-43- Dar Boğaz

146 20 40
                                    

Toprak Alkan
Su kadar berrak bir hayatın hayalini avuçlarımda, kuru bir yaprak misali parçalamıştım.

Hayatımın nihaî gidişatı gösteriyordu ki bir damla suyun berraklığı yalnızca rüyalarımı süsleyebilirdi ve savaşmaya gücüm yoktu. Çünkü ne yalanlarla savaşabilecek kadar dürüst hissediyordum ne de doğrusunu bilmediğim yalanları dinlemeye meraklı...

Derin nefeslerimle hareketlenen omuzlarım gözyaşlarımla sarsıldıkları ana uzak değillerdi. Bunun bilinciyle suyu kapattım, kabinden çıktım,  bornozuma  sarıldım ve odama geçtim.

Evin duvarları üstüme üstüme geliyordu ama yine de buradan daha huzurlu hissettiğim bir  yer yoktu. Burası benim en kıymetli anlarımın  meskeniydi.

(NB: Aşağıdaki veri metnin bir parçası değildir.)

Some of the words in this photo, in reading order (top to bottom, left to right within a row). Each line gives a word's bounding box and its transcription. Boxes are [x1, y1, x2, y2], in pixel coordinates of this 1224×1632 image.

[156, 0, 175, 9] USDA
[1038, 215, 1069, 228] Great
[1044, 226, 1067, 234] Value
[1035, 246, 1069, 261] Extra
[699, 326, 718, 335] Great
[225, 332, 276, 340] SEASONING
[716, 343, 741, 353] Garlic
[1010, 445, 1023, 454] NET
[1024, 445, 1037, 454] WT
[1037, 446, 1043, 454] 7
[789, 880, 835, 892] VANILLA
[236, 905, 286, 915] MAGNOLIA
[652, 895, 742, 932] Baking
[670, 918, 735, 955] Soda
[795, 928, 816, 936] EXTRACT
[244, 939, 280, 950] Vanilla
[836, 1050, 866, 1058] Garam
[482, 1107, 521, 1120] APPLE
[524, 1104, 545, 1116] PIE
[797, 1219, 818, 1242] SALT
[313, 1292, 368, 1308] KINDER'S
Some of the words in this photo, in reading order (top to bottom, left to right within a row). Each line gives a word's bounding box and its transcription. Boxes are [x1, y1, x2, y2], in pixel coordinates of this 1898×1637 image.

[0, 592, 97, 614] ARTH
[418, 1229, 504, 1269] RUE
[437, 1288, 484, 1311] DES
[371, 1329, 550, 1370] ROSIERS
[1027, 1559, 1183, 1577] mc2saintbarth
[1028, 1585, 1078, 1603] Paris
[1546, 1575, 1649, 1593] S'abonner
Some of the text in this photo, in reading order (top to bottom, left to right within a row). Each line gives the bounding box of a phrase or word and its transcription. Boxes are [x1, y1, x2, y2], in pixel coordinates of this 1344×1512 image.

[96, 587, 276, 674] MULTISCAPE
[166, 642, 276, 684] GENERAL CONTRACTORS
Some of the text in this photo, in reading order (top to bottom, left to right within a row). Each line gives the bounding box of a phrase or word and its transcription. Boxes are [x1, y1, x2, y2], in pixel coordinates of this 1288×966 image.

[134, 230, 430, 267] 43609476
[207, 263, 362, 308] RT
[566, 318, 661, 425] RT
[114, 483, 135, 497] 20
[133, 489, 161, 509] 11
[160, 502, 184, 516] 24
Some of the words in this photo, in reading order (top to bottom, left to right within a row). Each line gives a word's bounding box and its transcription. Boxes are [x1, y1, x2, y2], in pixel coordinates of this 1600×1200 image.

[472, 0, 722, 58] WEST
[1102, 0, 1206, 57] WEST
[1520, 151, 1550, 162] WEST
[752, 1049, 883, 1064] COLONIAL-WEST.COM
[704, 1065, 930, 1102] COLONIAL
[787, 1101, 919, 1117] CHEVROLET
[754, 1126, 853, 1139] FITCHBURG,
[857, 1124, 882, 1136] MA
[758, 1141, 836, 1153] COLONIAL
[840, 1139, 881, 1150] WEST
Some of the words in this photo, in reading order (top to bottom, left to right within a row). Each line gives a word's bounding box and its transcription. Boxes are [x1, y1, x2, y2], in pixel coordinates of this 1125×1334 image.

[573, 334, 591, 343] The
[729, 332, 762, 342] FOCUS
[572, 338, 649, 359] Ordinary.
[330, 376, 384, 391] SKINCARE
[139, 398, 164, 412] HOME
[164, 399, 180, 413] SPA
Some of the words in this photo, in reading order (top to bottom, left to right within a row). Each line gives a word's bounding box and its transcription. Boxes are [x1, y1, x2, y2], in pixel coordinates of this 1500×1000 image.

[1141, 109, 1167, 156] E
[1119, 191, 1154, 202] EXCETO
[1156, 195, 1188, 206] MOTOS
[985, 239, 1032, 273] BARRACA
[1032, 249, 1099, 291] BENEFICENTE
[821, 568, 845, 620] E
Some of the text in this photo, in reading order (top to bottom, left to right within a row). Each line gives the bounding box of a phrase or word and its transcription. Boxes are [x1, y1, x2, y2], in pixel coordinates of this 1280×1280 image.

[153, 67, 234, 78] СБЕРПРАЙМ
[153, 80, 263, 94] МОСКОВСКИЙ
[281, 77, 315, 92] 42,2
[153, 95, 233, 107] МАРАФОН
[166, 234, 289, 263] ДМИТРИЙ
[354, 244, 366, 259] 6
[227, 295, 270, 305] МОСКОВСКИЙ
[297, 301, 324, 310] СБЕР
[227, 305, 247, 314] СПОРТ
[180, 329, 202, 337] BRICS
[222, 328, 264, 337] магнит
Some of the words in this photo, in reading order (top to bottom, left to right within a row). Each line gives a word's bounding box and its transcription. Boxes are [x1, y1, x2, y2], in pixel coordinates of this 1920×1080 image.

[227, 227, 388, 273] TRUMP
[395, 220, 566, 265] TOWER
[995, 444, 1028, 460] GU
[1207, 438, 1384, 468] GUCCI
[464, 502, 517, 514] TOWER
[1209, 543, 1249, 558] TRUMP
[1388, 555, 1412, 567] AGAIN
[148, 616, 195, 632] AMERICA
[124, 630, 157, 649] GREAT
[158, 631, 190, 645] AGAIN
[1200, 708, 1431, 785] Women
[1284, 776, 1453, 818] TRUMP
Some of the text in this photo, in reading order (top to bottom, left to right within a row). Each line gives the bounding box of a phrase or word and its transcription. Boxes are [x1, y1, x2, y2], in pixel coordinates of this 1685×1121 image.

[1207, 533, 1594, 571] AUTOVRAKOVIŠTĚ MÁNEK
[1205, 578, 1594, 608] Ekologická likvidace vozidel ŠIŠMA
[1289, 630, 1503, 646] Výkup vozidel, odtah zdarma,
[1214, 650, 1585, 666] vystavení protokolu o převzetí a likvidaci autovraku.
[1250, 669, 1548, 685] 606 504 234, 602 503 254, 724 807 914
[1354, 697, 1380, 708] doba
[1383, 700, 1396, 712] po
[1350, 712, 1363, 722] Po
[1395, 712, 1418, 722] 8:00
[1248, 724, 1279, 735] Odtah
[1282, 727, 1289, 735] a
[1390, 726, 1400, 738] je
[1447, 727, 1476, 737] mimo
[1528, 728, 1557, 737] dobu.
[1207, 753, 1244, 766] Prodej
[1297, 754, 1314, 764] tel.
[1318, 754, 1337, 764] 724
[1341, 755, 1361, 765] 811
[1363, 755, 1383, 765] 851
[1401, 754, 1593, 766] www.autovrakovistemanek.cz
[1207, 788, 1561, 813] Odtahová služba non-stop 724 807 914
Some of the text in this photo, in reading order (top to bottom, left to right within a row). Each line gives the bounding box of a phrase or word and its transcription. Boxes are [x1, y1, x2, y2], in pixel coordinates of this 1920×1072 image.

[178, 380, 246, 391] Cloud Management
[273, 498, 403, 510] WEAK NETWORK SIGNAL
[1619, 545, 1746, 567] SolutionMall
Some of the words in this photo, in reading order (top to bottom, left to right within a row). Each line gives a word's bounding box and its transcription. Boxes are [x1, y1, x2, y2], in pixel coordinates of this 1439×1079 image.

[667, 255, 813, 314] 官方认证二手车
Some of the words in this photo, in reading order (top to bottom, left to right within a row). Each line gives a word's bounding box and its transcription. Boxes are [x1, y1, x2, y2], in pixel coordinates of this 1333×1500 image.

Şu an tam karşımda, komodinin üzerindeki vazoda Evren'in barıştığımız gece şarkı söylerken elinde tuttuğu çiçekler vardı. Şuradaki yatakta sırılsıklamken uyumuştuk. Dolapta bana verdiği mor sweati  duruyordu. Mutfak dolabında sürekli oraya yasladığı sırtının gölgesi duruyordu ve duvarlarda kahkahalarımız yankılanıyordu.

Evet, başta bu evde olmaktansa mezarda olmayı yeğlemiş ve durmaksızın kaçmıştım hatıralarımızdan. Sebebi şuydu: Sıkıştığım yalan çukurundan beni çekip çıkarabilecekken bunu yapmamış, beni aptal yerine koyanların arasına  katılmıştı.

Bu beni kaçıp gitmeye zorlamıştı.

Ondan, yaşananlardan ve her şeyden kaçmak isterken iki hafta önce bir şey yapmaya başladı.

Bana her gün aynı saatte bir fotoğrafımızı ya da videomuzu atıyor ve ses seda etmeden çevrimdışı  oluyordu. Bunu, bizi bana hatırlatmak için yaptığını biliyordum ama hiç gerek olmadığını ona söyleyemiyordum.

Zaten onu unutamıyordum. Doğrusu, unutmak istemiyordum. Tek istediğim kafamı toparlayıp doğru bir yol çizmek ve o yolda küçük adımlarla da olsa ilerlemekti. Ama şu anda hayatım o kadar yanlıştı ki nereye baksam gördüğüm yanlışlar doğruyu bulmama engel oluyordu.

Evren Türkyılmaz benim hayat çizgim olmuştu.

Bu yüzden onu unutmak istemiyordum çünkü onu unutmam demek benliğimi söküp bir kutuya hapsetmek ve kutuyu da yerin yedi kat dibine gömmek demekti. Onu unutmam demek ölmem demekti. Hayat çizgimi bastıra bastıra silmek demekti.

Onu özlüyordum.  

Öyle çok özlüyordum ki attığı her fotoğraf,  her video anı kafamda tekrar yaşanıyor ve o an ne hissettiysem hissediyor, gözlerimden hüznüm akarken mutluluğum gülüşümden seziliyordu.

Fotoğraflar yetmiyordu. Tam üç haftadır o güzel yüzünü canlı kanlı  görmemiş, sesini ses tellerinin yanından dinleyememiş, içimi temizleyen ferah kokusunu içime çekememiştim.

Bunu bize yapanlara lanet okumak   bile gelmiyordu içimden.

Onu affetmek isterken affedemiyor olmanın sancısı öyle büyüktü ki... Sorun, bunun bir daha yaşanmayacağına inancimin zayıf olmasıydı. Bir daha kandırılmayacağıma, bir daha gerçeklerin acı yüzüne yalanların tatlı yüzünü değil, acı da olsa doğruları duyacağıma inanamıyordum. 

Ancak inancım geri geldiğinde ona gidebilirdim.

Havalar iyice ısınmaya başladığı için penye şortlarımdan birini altıma geçirip üstüne de yarım tişörtlerimden birini giydim. Aynadaki yansımama diktiğim gözlerim saçlarıma takıldı.  İyice uzamış, lüle lüle olmuş uçları kalçalarıma inmek üzereydi. Bunu görmek Evrenle saçlarım hakkında yaptığımız sohbeti aklıma getirirken dişlerimi sıkarak düşünmemeye çalıştım. Onu çılgınlar gibi seviyorken ondan kaçınmak berbattı.